**Activity**
Apart from the pictures, every part of the records below gets retyped exactly.

**Input**
┌──
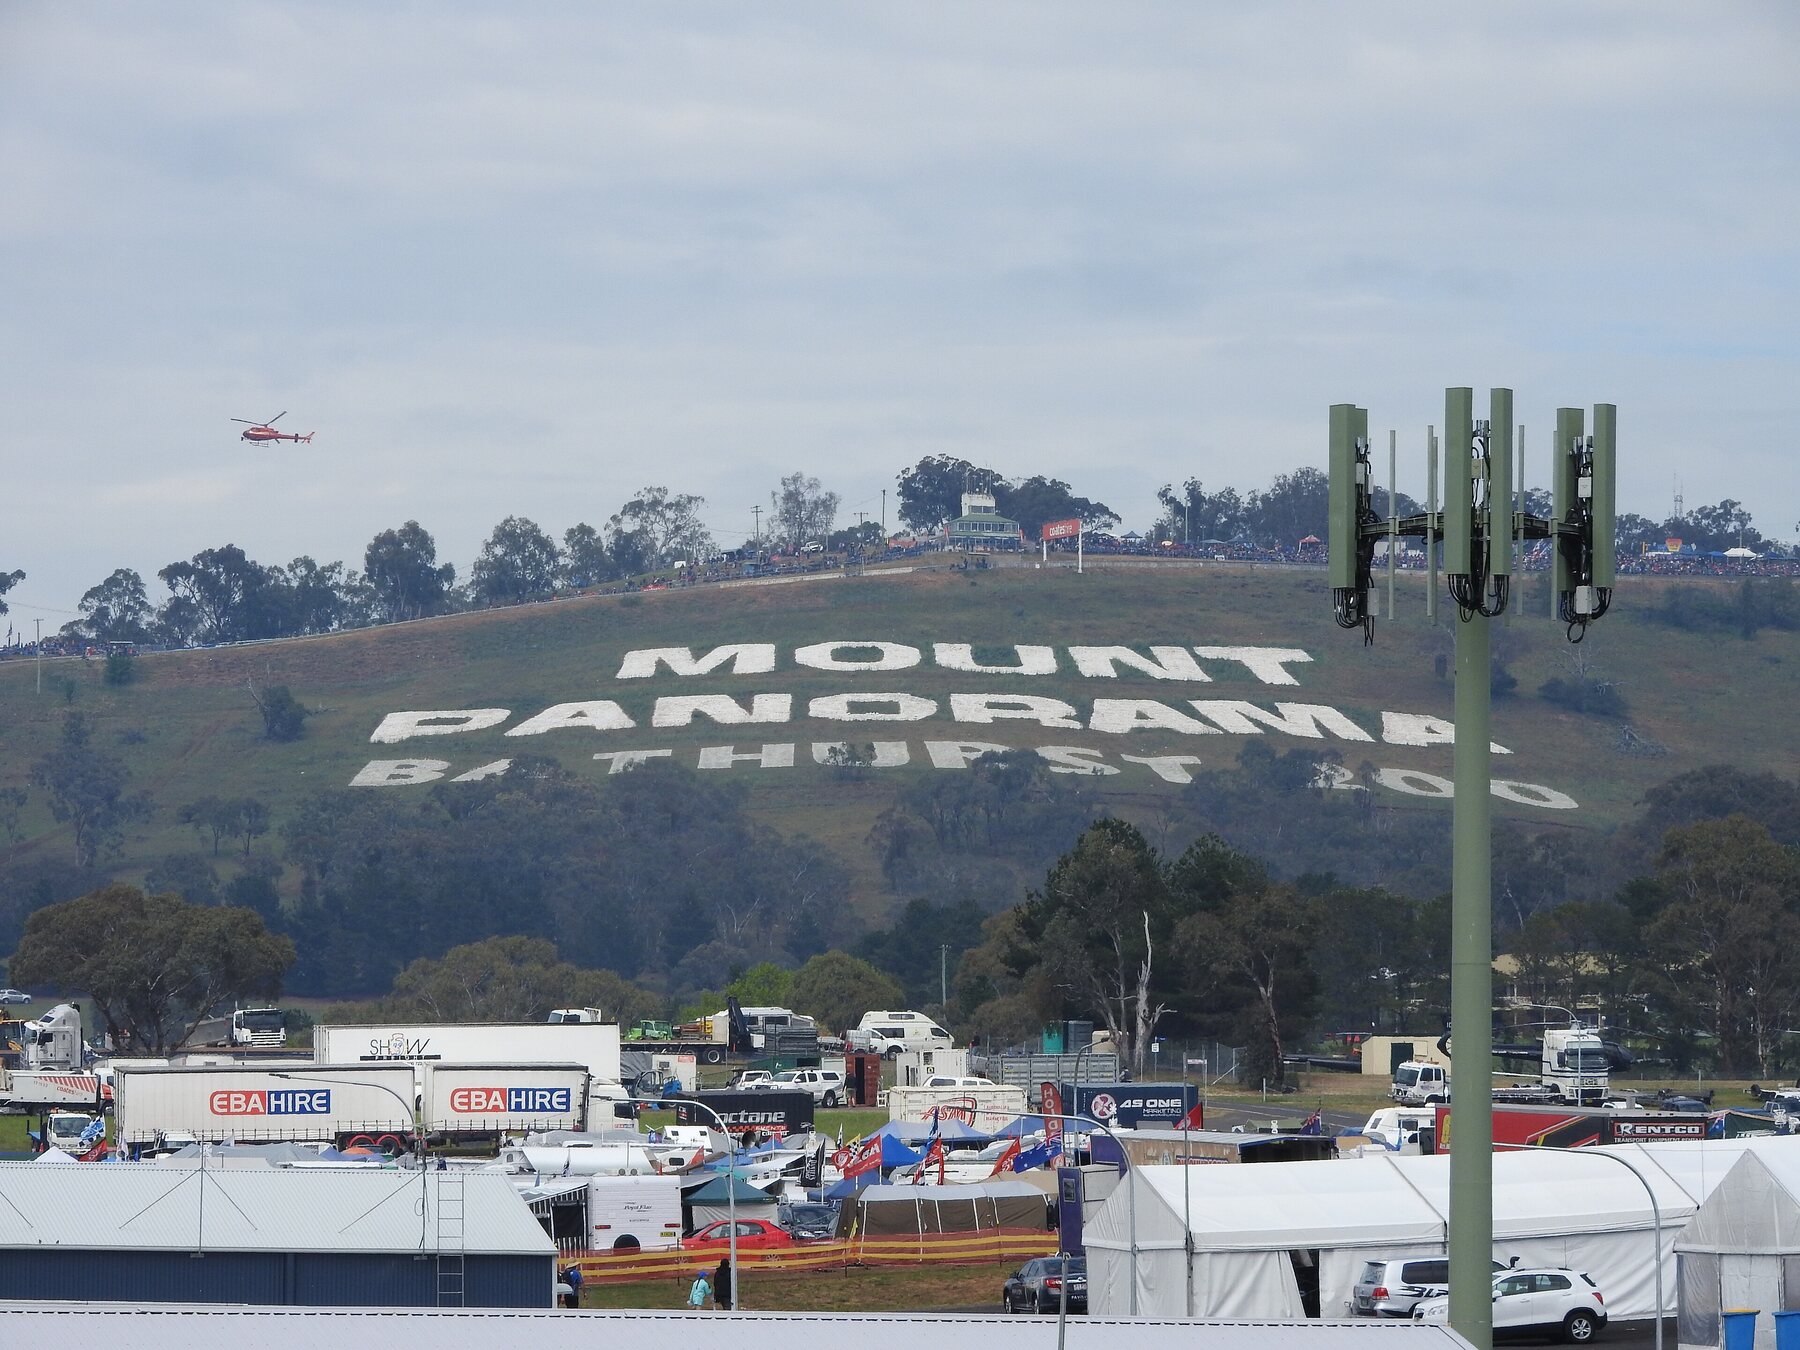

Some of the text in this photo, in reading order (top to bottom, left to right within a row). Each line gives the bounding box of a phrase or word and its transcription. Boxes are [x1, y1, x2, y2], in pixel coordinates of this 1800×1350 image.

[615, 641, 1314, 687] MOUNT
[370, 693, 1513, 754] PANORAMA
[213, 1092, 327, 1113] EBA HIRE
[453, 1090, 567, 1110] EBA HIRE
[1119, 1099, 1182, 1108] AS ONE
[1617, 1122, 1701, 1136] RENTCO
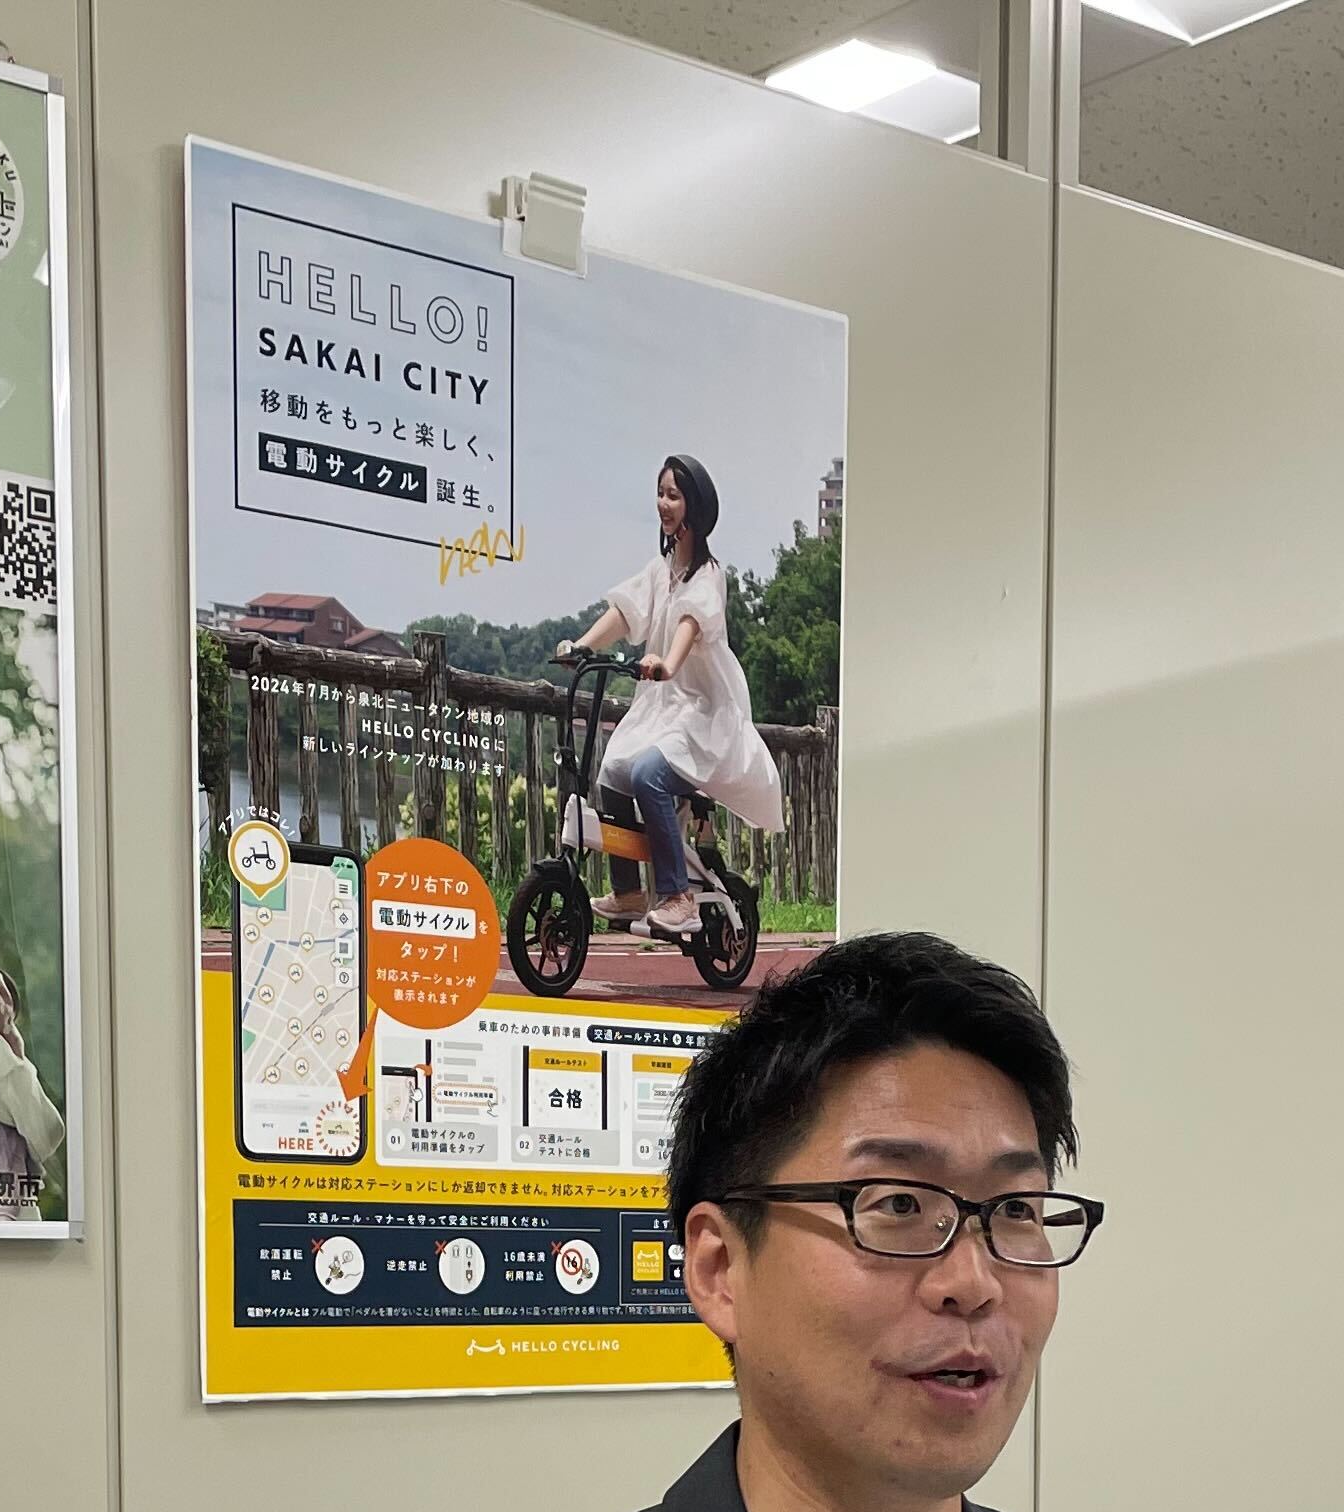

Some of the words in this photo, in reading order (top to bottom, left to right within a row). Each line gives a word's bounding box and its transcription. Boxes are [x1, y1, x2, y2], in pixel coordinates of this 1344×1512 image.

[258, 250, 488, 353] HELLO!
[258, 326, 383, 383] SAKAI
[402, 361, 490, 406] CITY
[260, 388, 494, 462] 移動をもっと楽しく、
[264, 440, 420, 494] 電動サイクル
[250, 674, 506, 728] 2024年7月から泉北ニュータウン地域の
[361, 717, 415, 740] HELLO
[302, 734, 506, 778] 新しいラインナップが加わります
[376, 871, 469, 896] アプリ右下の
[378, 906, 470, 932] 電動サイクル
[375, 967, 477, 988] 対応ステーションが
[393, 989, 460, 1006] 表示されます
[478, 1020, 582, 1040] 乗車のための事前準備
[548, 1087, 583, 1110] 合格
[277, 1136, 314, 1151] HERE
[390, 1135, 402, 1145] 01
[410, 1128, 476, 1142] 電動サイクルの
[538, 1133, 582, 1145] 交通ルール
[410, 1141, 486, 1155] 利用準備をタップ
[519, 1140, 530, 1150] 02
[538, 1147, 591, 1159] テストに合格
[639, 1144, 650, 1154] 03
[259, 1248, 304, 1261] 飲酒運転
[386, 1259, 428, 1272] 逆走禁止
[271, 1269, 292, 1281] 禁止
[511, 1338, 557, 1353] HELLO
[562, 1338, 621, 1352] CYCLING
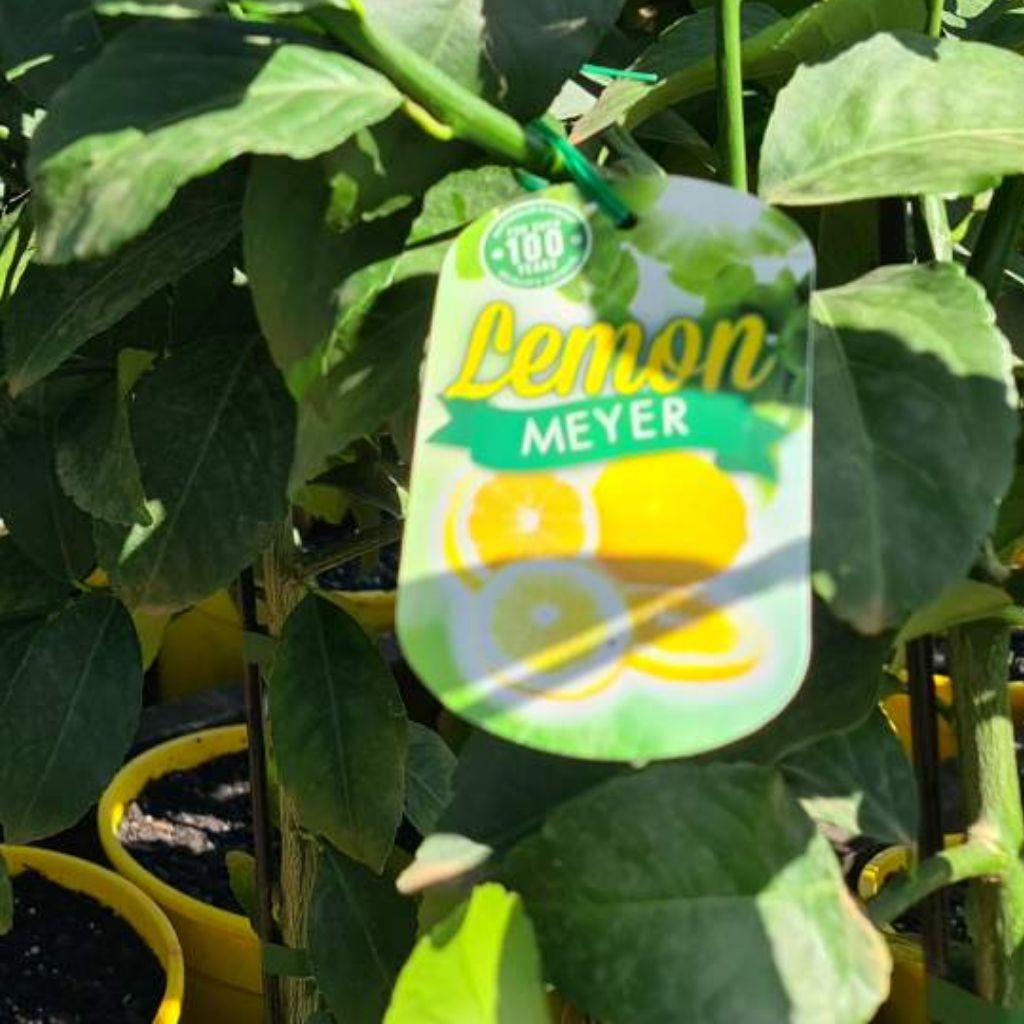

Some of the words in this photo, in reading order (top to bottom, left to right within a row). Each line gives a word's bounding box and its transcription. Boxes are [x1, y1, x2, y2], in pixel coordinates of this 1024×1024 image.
└──
**Task response**
Some of the text in this photo, in reading order (top to bottom, left to right within a row). Each line gives the bounding box of a phrase or word and its transcription. Boxes are [x1, y1, x2, y2], in pixel coordinates of this 1800×1350 image.

[615, 641, 1314, 687] MOUNT
[370, 693, 1513, 754] PANORAMA
[213, 1092, 327, 1113] EBA HIRE
[453, 1090, 567, 1110] EBA HIRE
[1119, 1099, 1182, 1108] AS ONE
[1617, 1122, 1701, 1136] RENTCO

Some of the words in this photo, in reading order (top to bottom, left to right within a row). Each line gives a word's bounding box and its transcription. Boxes are [x1, y1, x2, y2], in pixel coordinates of this 1344×1512 image.

[258, 250, 488, 353] HELLO!
[258, 326, 383, 383] SAKAI
[402, 361, 490, 406] CITY
[260, 388, 494, 462] 移動をもっと楽しく、
[264, 440, 420, 494] 電動サイクル
[250, 674, 506, 728] 2024年7月から泉北ニュータウン地域の
[361, 717, 415, 740] HELLO
[302, 734, 506, 778] 新しいラインナップが加わります
[376, 871, 469, 896] アプリ右下の
[378, 906, 470, 932] 電動サイクル
[375, 967, 477, 988] 対応ステーションが
[393, 989, 460, 1006] 表示されます
[478, 1020, 582, 1040] 乗車のための事前準備
[548, 1087, 583, 1110] 合格
[277, 1136, 314, 1151] HERE
[390, 1135, 402, 1145] 01
[410, 1128, 476, 1142] 電動サイクルの
[538, 1133, 582, 1145] 交通ルール
[410, 1141, 486, 1155] 利用準備をタップ
[519, 1140, 530, 1150] 02
[538, 1147, 591, 1159] テストに合格
[639, 1144, 650, 1154] 03
[259, 1248, 304, 1261] 飲酒運転
[386, 1259, 428, 1272] 逆走禁止
[271, 1269, 292, 1281] 禁止
[511, 1338, 557, 1353] HELLO
[562, 1338, 621, 1352] CYCLING

Some of the words in this photo, in reading order (top to bottom, left to right within a row). Each line gives a word's bounding box and its transcription. Boxes are [x1, y1, x2, y2], in pixel coordinates of this 1024×1024 image.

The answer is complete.